A partir d’un matériau initial de 256 articles scientifiques réduit finalement à 53 (ceux-ci adoptant majoritairement une approche quantitative), jugés pertinents et revus par les pairs, les auteurs sont arrivés à délimiter trois grandes façons d’étudier le rôle des consommateurs dans la relocalisation alimentaire. Une première entrée considère l’accent mis par les consommateurs sur certains attributs du produit (notamment son caractère local ou biologique). Une autre entrée considère la portée plus politique, plus macro des revendications des consommateurs à travers l’activisme alimentaire. Enfin, il y aussi le courant dit des circuits courts ou des systèmes alimentaires alternatifs qui se concentre sur le rapprochement entre les différents acteurs des systèmes alimentaires, sous l’angle des proximités relationnelles et spatiales.

Trois niveaux dans la recherche sur la relocalisation

Les trois approches du rôle des consommateurs dans la relocalisation alimentaire rassemblent aussi des définitions différentes de ce qui est local, ainsi que des explications diverses du développement de ces nouveaux marchés et des motivations des consommateurs à y participer. L’analyse permet aussi de faire une critique transversale de l’ensemble de ces recherches, avec ses biais, sa part de flou et ses hypothèses plus ou moins réalistes (implicites ou avérées).

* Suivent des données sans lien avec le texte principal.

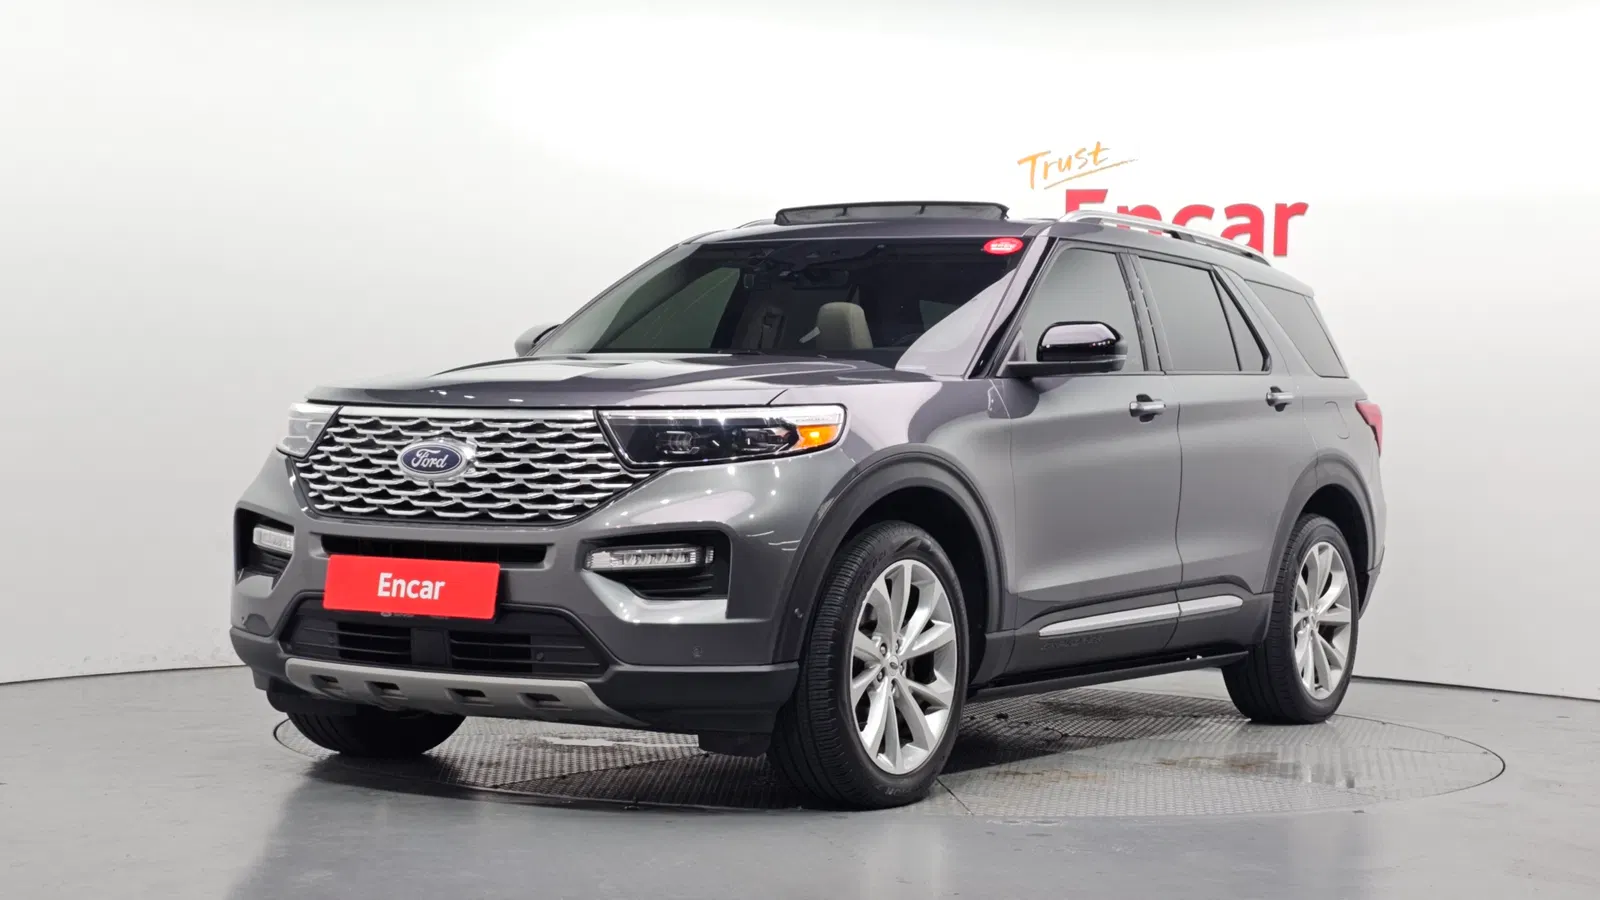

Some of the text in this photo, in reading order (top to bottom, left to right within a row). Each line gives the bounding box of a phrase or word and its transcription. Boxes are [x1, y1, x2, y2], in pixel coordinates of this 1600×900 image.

[1017, 141, 1110, 190] Trust
[411, 448, 449, 468] Ford
[377, 572, 446, 600] Encar

  • Une approche centrée sur le produit (ce que je mange)
    Dans cette approche, l’attention est portée sur les attributs du produit et du système de production. « Local » devient alors une simple caractéristique du produit. Dans cette perspective, il est souvent attendu que le produit local soit aussi biologique. Certains considèrent même la rencontre de ces deux attributs comme un critère de ce qu’on pourrait appeler un « vrai produit bio ». L’analyse ici reste cantonnée à un niveau micro, ne prend pas en compte l’ensemble des acteurs et les préoccupations du consommateur sont présentées comme égocentrées (c’est-à-dire centrées sur les bénéfices qu’il retire de sa consommation, son comportement, etc.).
  • Une approche politique et militante (ce que nous mangeons)
    Ici, on a affaire plutôt à un consommateur actif mu par des préoccupations altruistes. C’est l’ensemble du système alimentaire que ces consommateurs militants veulent transformer. Le « local » est alors porteur d’une idéologie politique, identitaire, et sert à camper une résistance face à la mondialisation et l’industrialisation du système alimentaire dominant. On ne s’étonne pas, du coup, que la méthode d’analyse privilégiée par les chercheurs soit alors plus « macro » (enjeux nationaux, souveraineté alimentaire, etc.), avec un accent sur l’environnement institutionnel.
  • Une approche centrée sur la « proximité » (qui nous fournit à manger)
    Cette approche est celle dite des systèmes alimentaires alternatifs. Elle partage certaines intersections avec les deux autres approches, mais s’en distingue aussi à plusieurs égards. Le « local » ici est vu comme un espace d’interaction et de rapprochement entre les différentes parties prenantes (notamment les consommateurs et les producteurs). La « proximité » comme prisme, qu’elle soit géographique, sociale ou autre, est au coeur de l’analyse et expliquerait le développement de ces marchés. La méthode privilégiée est résolument plus éclatée avec un intérêt à la fois pour les niveaux micro, méso et macro des enjeux étudiés. C’est aussi un consommateur animé par des valeurs comme le souci du développement durable et fidèle à certaines pratiques qui nous est présenté.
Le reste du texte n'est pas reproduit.